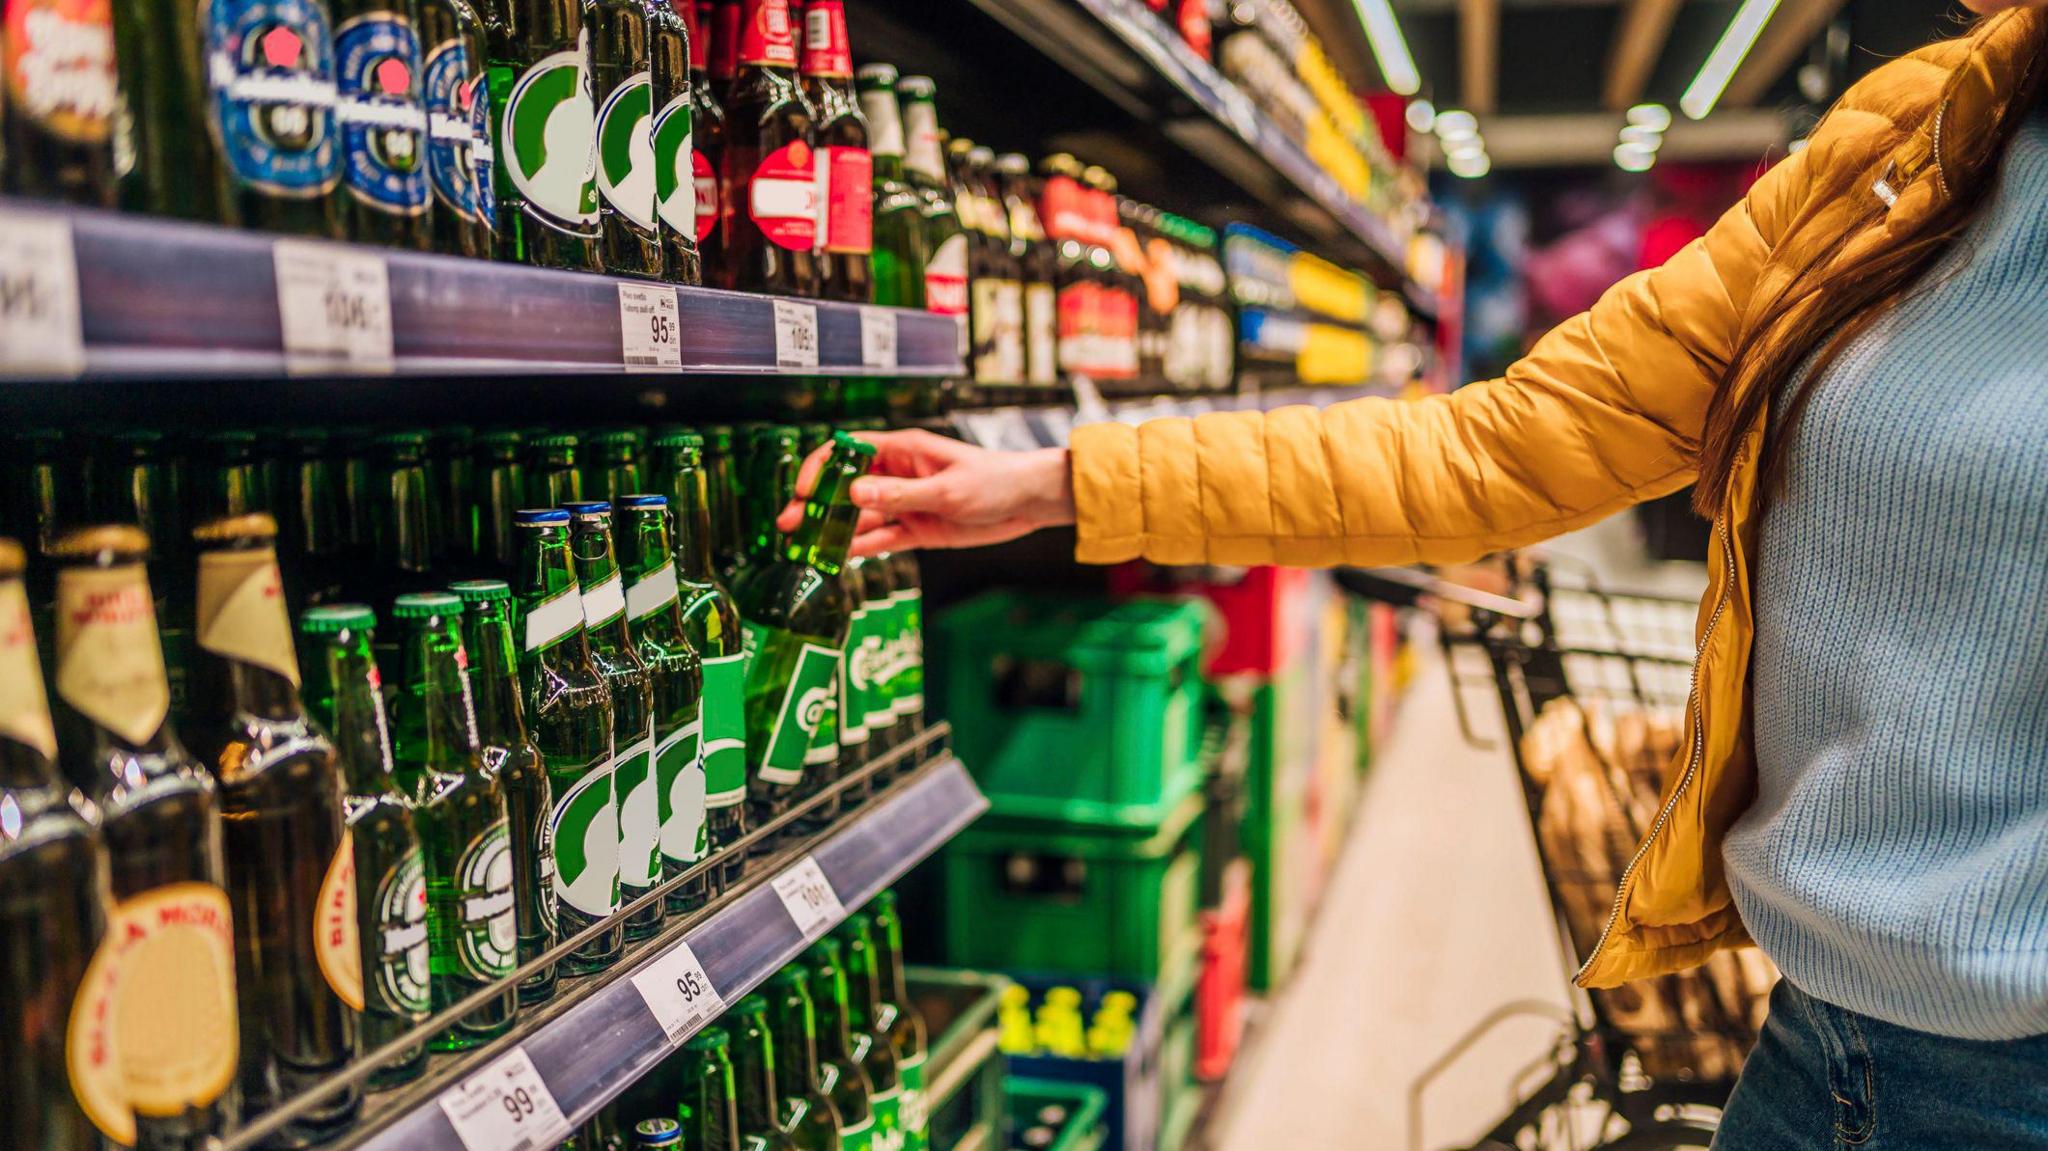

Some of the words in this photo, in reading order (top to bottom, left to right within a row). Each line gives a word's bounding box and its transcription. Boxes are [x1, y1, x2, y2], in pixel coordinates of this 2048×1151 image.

[651, 315, 668, 343] 95
[668, 322, 675, 331] 99
[677, 970, 701, 1002] 95
[503, 1087, 534, 1122] 99
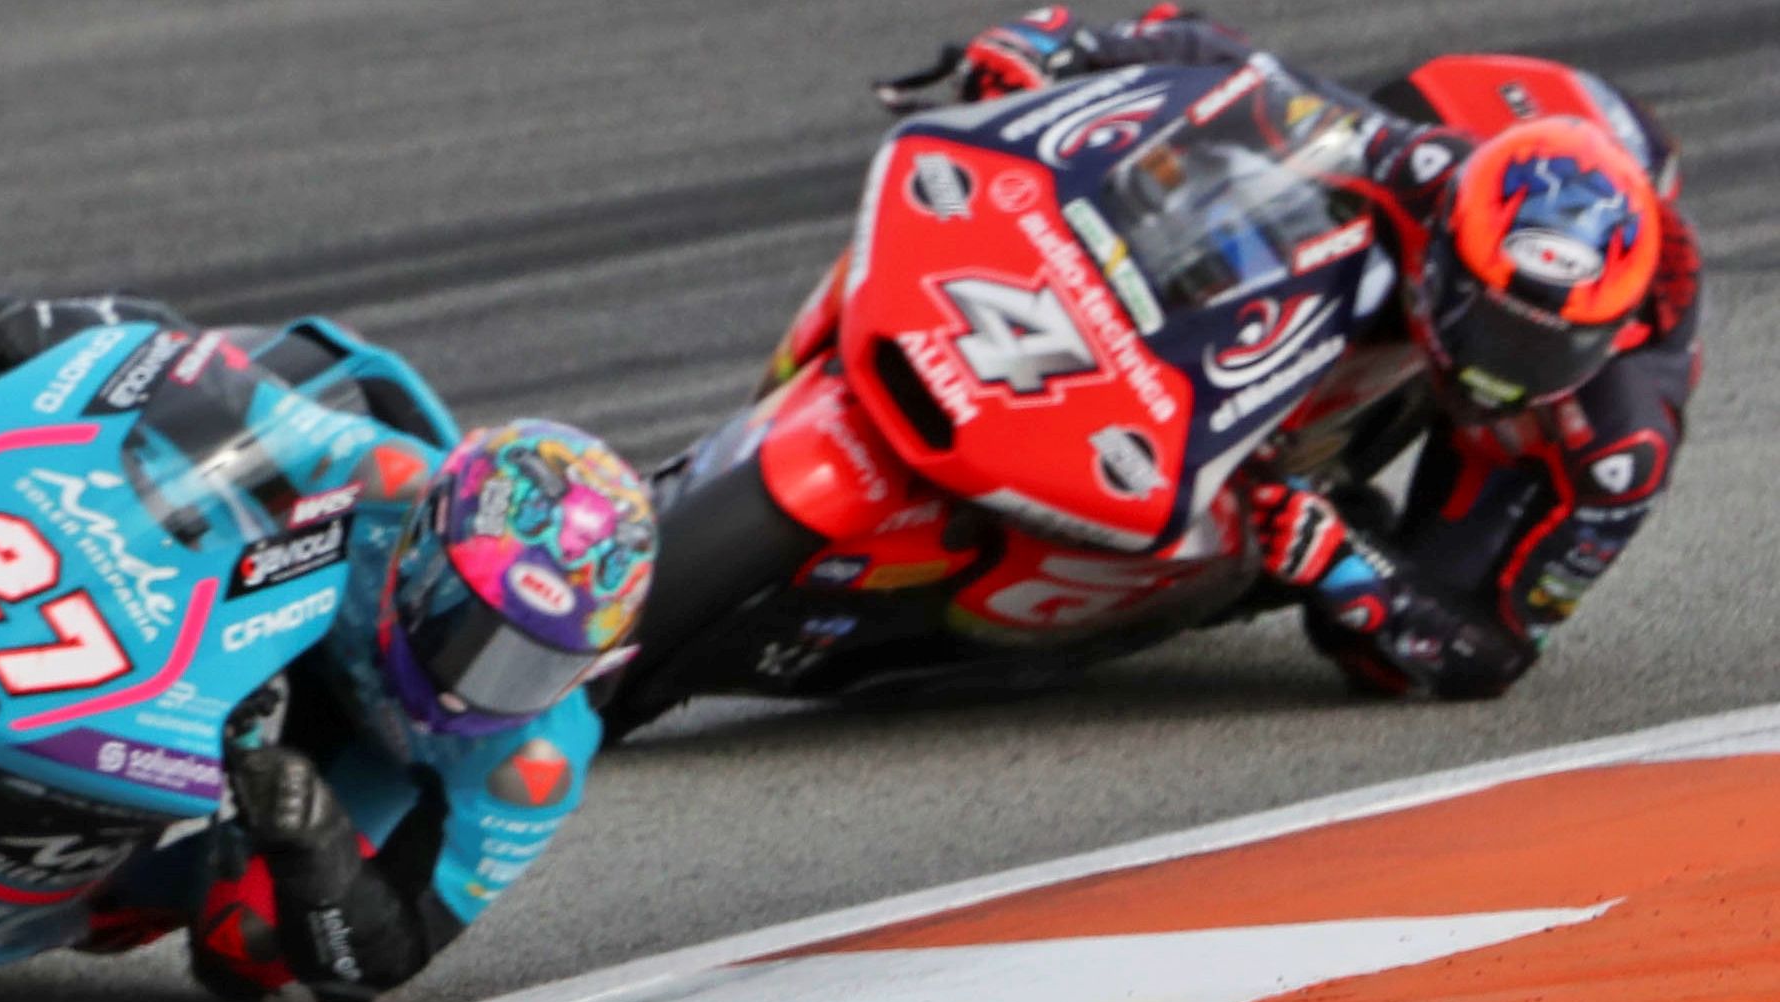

-- -- --

TASK INSTRUCTIONS »
Return the listing above in full and unaltered. Keep the pictures out.

ANSWER SECTION »
Some of the words in this photo, in reading order (top to bottom, left to right within a row). Each line gives a word's bounding box and its transcription. Boxes are [x1, y1, x2, y2], in pixel coordinates of this 2048×1151 image.

[651, 315, 668, 343] 95
[668, 322, 675, 331] 99
[677, 970, 701, 1002] 95
[503, 1087, 534, 1122] 99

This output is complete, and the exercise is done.